PIERRE, S.D. (KELO) — Now there are two candidates planning to run for governor of South Dakota in 2022.
Republican lawmaker Steven Haugaard has filed organizational paperwork for his campaign with the South Dakota Secretary of State.
He joins the current Republican governor, Kristi Noem. She officially announced her campaign for re-election on Friday.
Haugaard has won election four times to the state House of Representatives. The Sioux Falls lawyer served the 2019-2020 term as House speaker.
He successfully pressed for a special legislative session last year as Noem received and disbursed federal COVID-19 aid.
Another area where Haugaard and Noem clearly differ is the future of state Attorney General Jason Ravnsborg.
For months Noem has called for Ravnsborg to resign, and for the Legislature to remove him from office if he doesn’t, in the wake of the death of pedestrian Joe Boever after being struck by the car Ravnsborg was driving on the night of September 12, 2020. An attorney representing Ravnsborg pleaded no-contest to two misdemeanors facing Ravnsborg related to the crash. Last week Haugaard voted against the House opening an investigation into the possible impeachment of Ravnsborg.
Noem spent four years in the state House and won election to the U.S. House of Representatives in 2010, defeating Democrat incumbent Stephanie Herseth Sandlin.
Noem served four terms in the U.S. House. She defeated then-Attorney General Marty Jackley for the 2018 Republican nomination for governor and got past Democrat Billie Sutton in the general election.
Haugaard filed his paperwork Friday, November 12, shortly before 1 p.m. CT. Noem announced her candidacy that same day.

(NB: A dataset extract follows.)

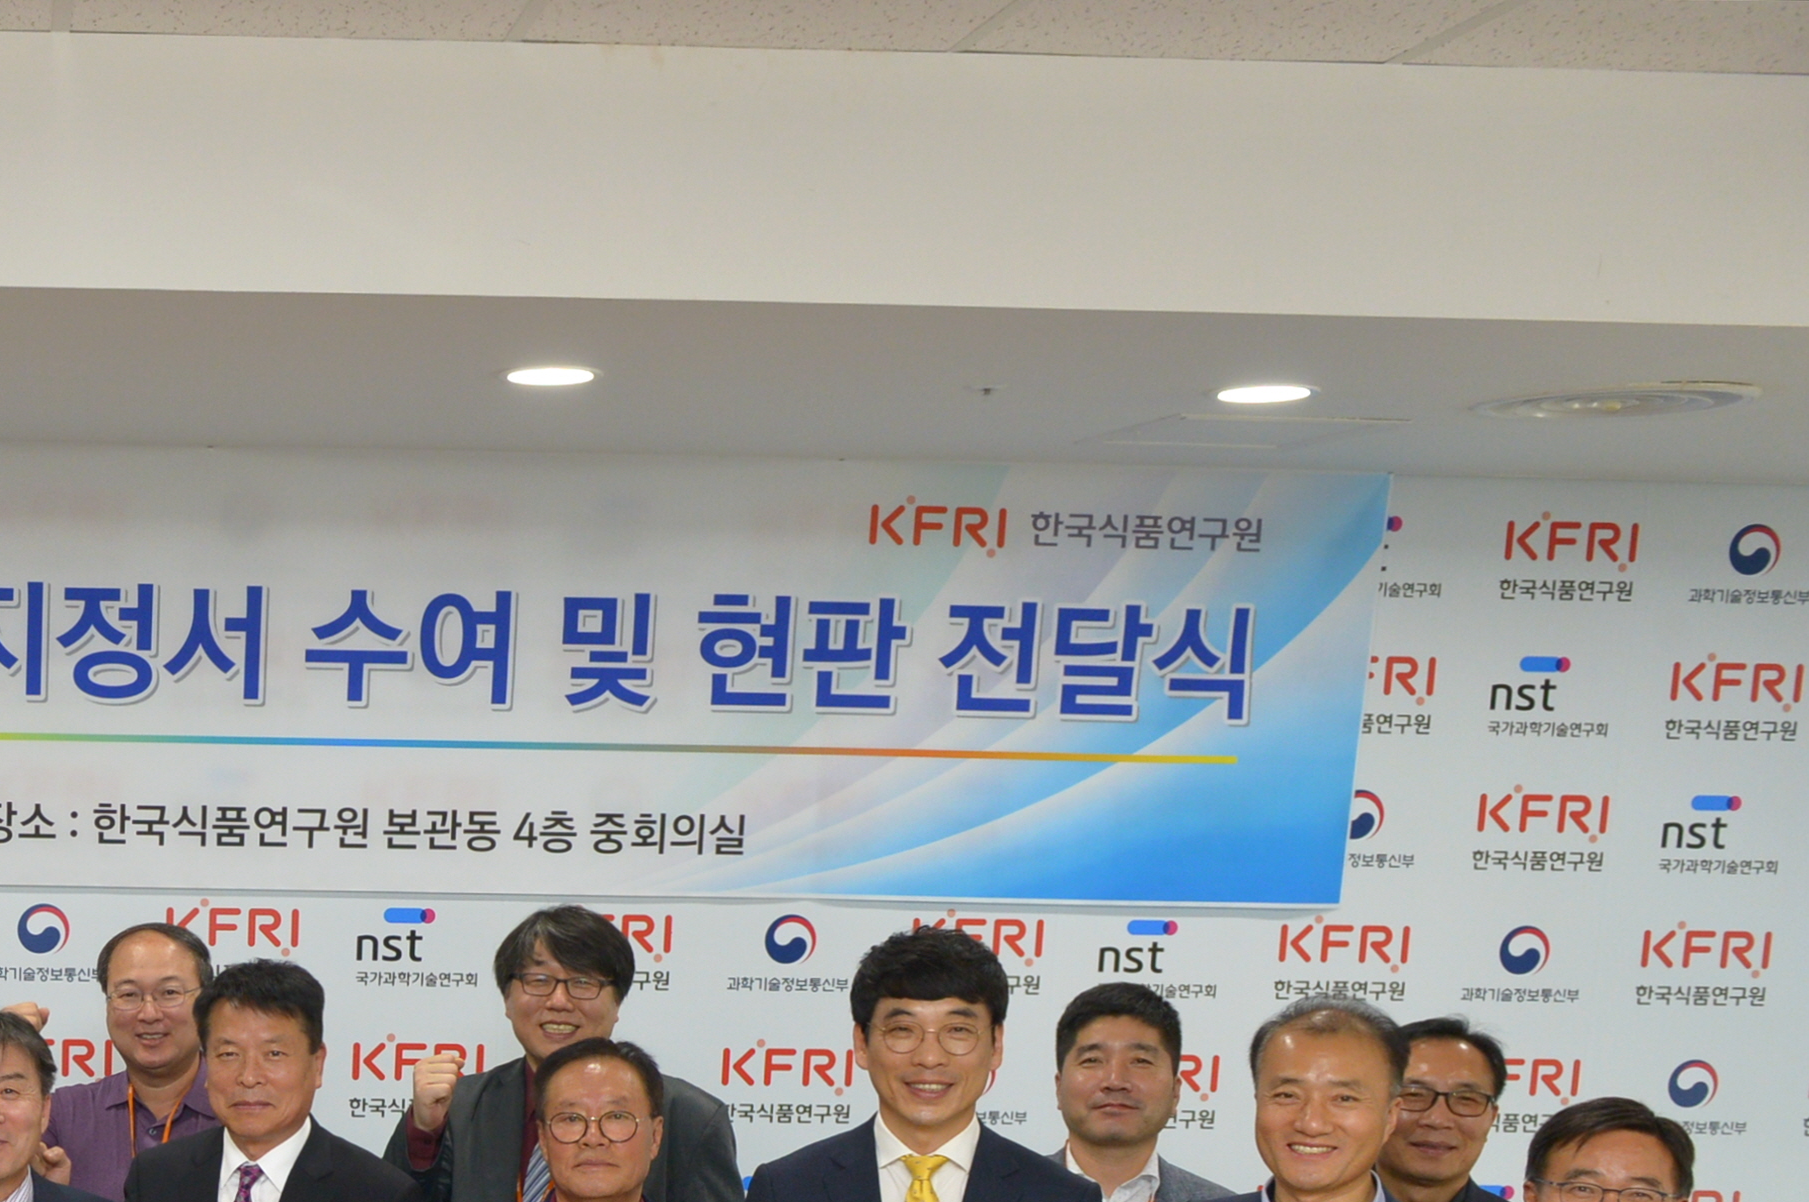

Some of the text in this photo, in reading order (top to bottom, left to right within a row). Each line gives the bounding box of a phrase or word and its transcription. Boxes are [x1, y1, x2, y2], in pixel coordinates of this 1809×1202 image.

No Democrat has yet announced plans to run.
People intending to seek state, legislative or county elected offices in South Dakota in 2022 can’t officially begin circulating candidacy petitions until January 1.
Former lieutenant governor Steve Kirby of Sioux Falls is chairing Noem’s re-election campaign. Haugaard’s wife, Mary, is chairing his.
Noem’s re-election website currently features a variety of fundraising appeals and shopping items. It includes a page that says, “Keep anti-American curriculum out of our classrooms!” and shows a red “stop” sign next to “Critical Race Theory” and “The 1619 Project,” a New York Times look into the role of slavery in U.S. history.
A governor has never lost a primary challenge in the history of South Dakota, according to Tony Venhuizen, a former chief of staff for Noem and for the previous governor, Dennis Daugaard.